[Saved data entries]
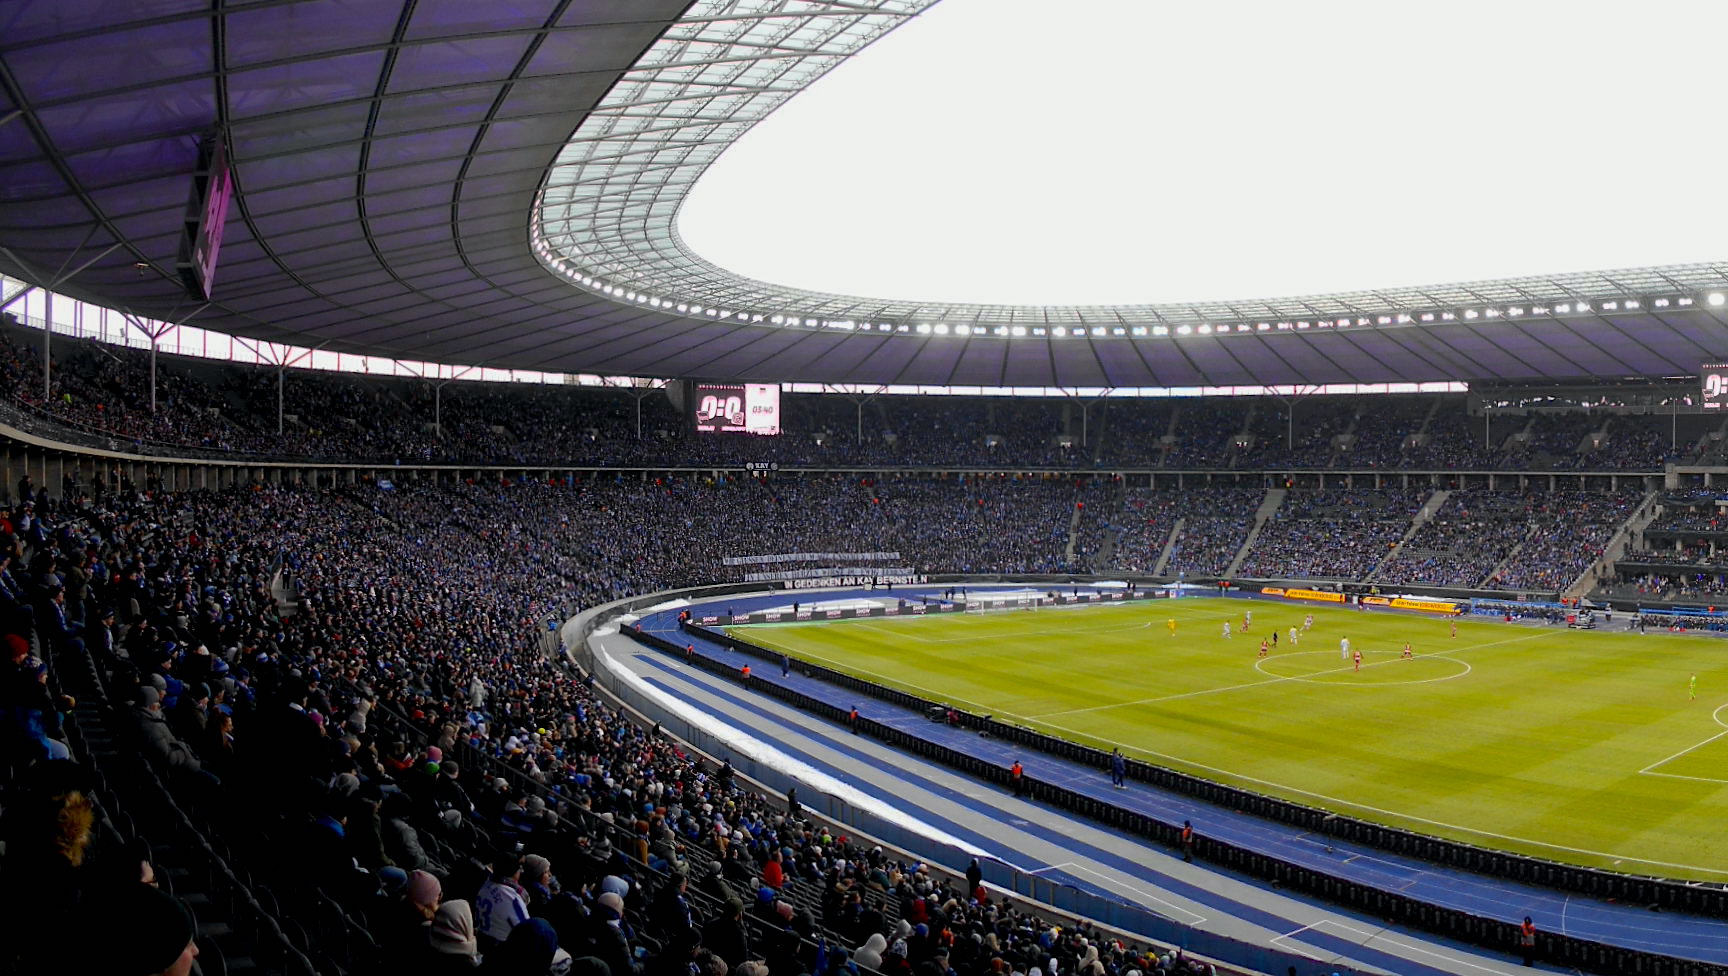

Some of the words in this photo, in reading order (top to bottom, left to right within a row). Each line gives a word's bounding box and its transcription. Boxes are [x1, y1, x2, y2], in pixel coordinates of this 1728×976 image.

[794, 577, 842, 588] GEDENKEN
[843, 577, 856, 586] AN
[857, 575, 874, 585] KAY
[877, 575, 928, 585] BERNSTEN
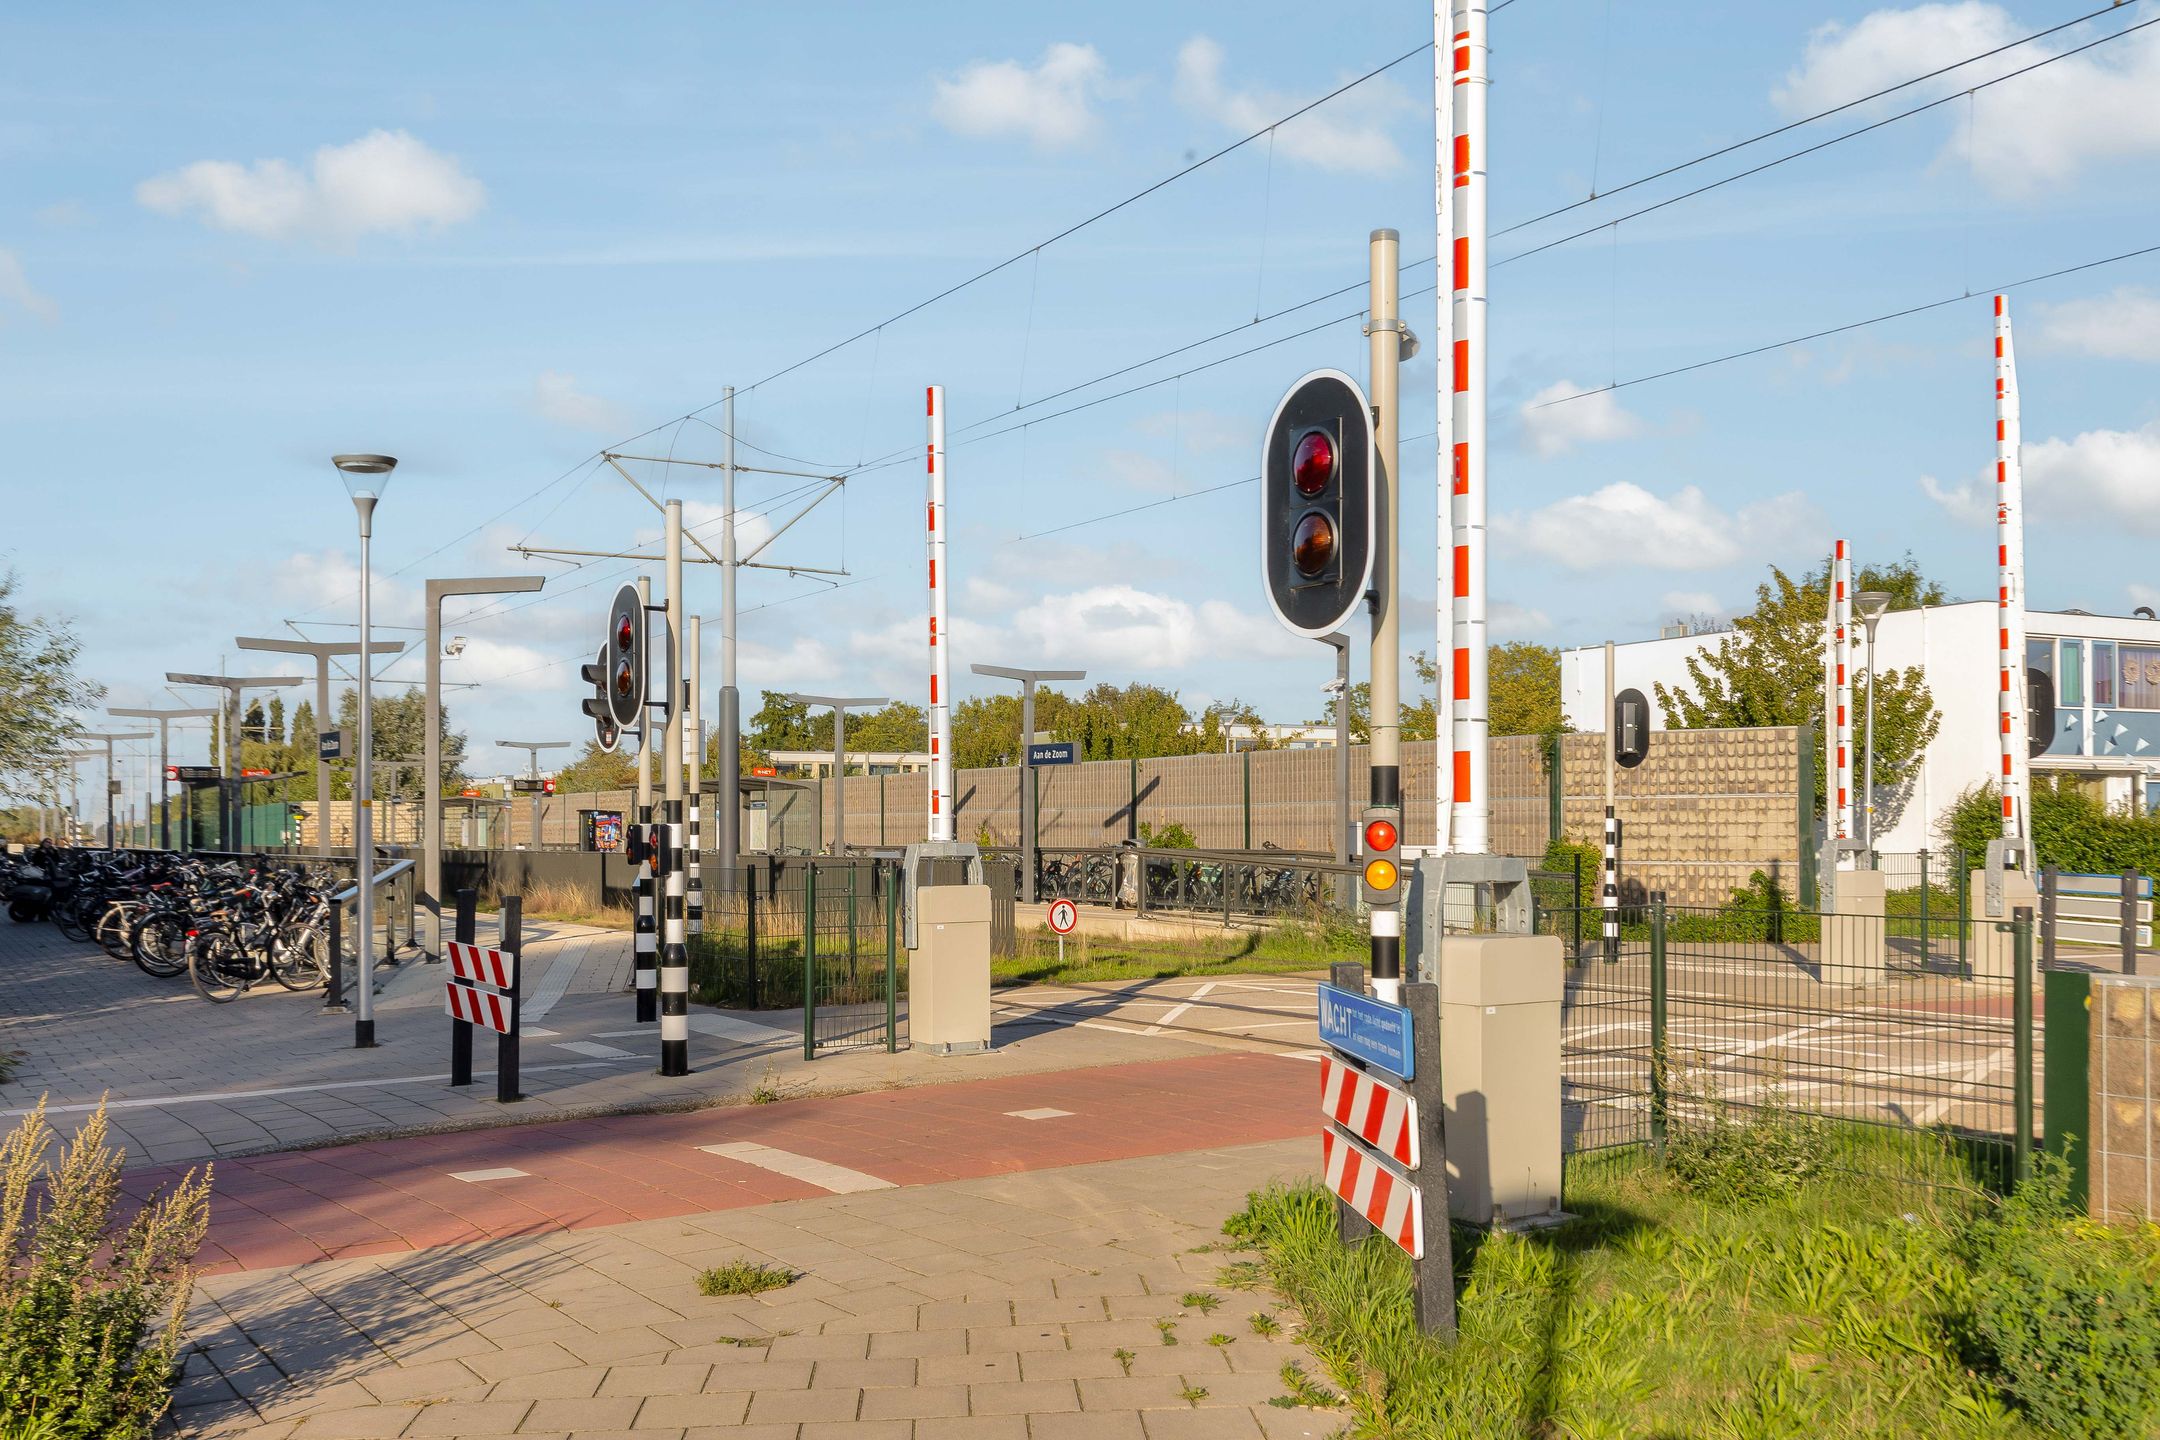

### [Exercise]
Print all of the records shown above exactly, leaving out each picture.

### [Solution]
Some of the words in this photo, in reading order (top to bottom, left to right within a row). Each line gives a word's bounding box and its transcription. Boxes are [x1, y1, x2, y2], in pixel coordinates of this 1728×976 image.

[794, 577, 842, 588] GEDENKEN
[843, 577, 856, 586] AN
[857, 575, 874, 585] KAY
[877, 575, 928, 585] BERNSTEN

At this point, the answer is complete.